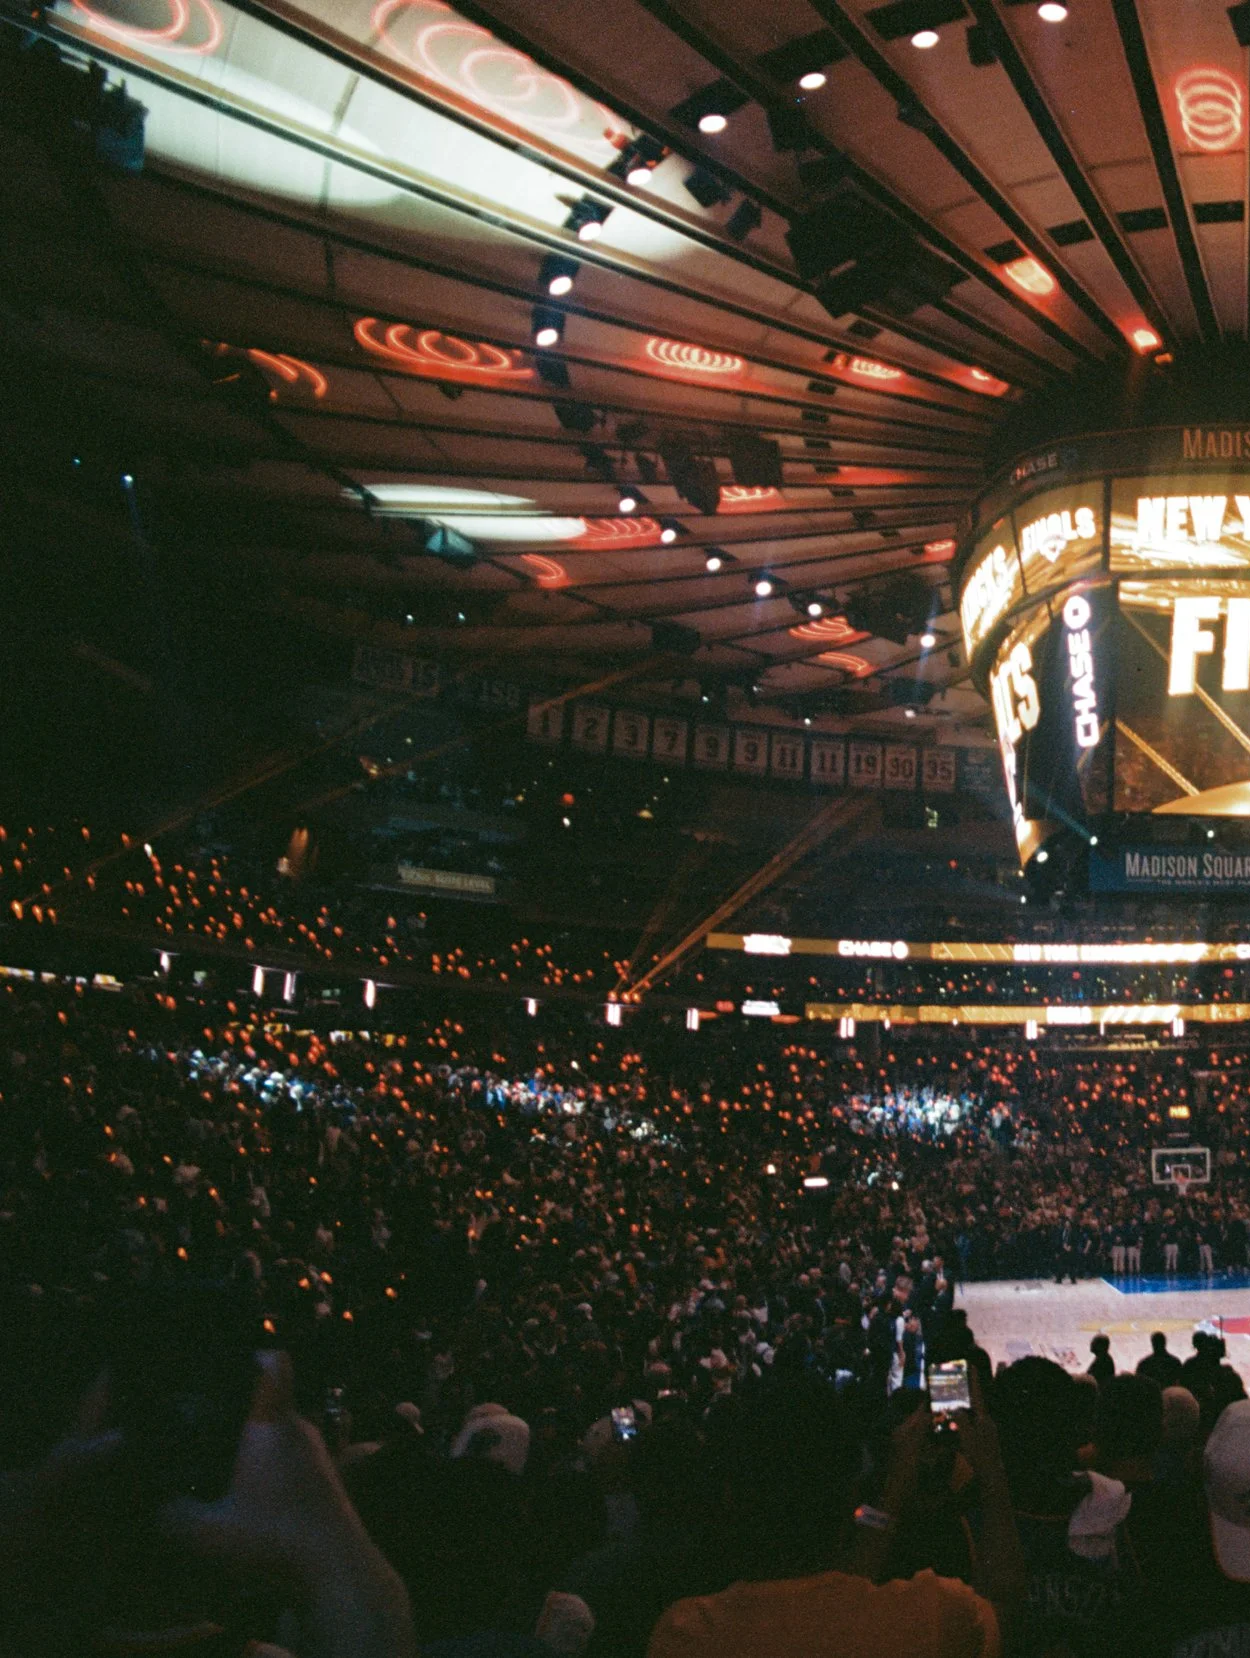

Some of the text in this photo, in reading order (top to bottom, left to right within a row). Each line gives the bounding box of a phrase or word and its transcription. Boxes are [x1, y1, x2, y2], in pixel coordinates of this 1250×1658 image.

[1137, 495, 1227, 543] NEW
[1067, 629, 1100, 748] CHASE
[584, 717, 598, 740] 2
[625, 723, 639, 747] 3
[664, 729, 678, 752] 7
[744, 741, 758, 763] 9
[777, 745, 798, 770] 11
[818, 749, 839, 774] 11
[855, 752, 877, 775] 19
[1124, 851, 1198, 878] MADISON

----

**How to complete this task**:
Please give back every line above exactly as it stands, without pictures.

**Task response**:
Some of the text in this photo, in reading order (top to bottom, left to right within a row). Each line gives the bounding box of a phrase or word and its transcription. Boxes are [x1, y1, x2, y2], in pixel coordinates of this 1250×1658 image.

[1137, 495, 1227, 543] NEW
[1067, 629, 1100, 748] CHASE
[584, 717, 598, 740] 2
[625, 723, 639, 747] 3
[664, 729, 678, 752] 7
[744, 741, 758, 763] 9
[777, 745, 798, 770] 11
[818, 749, 839, 774] 11
[855, 752, 877, 775] 19
[1124, 851, 1198, 878] MADISON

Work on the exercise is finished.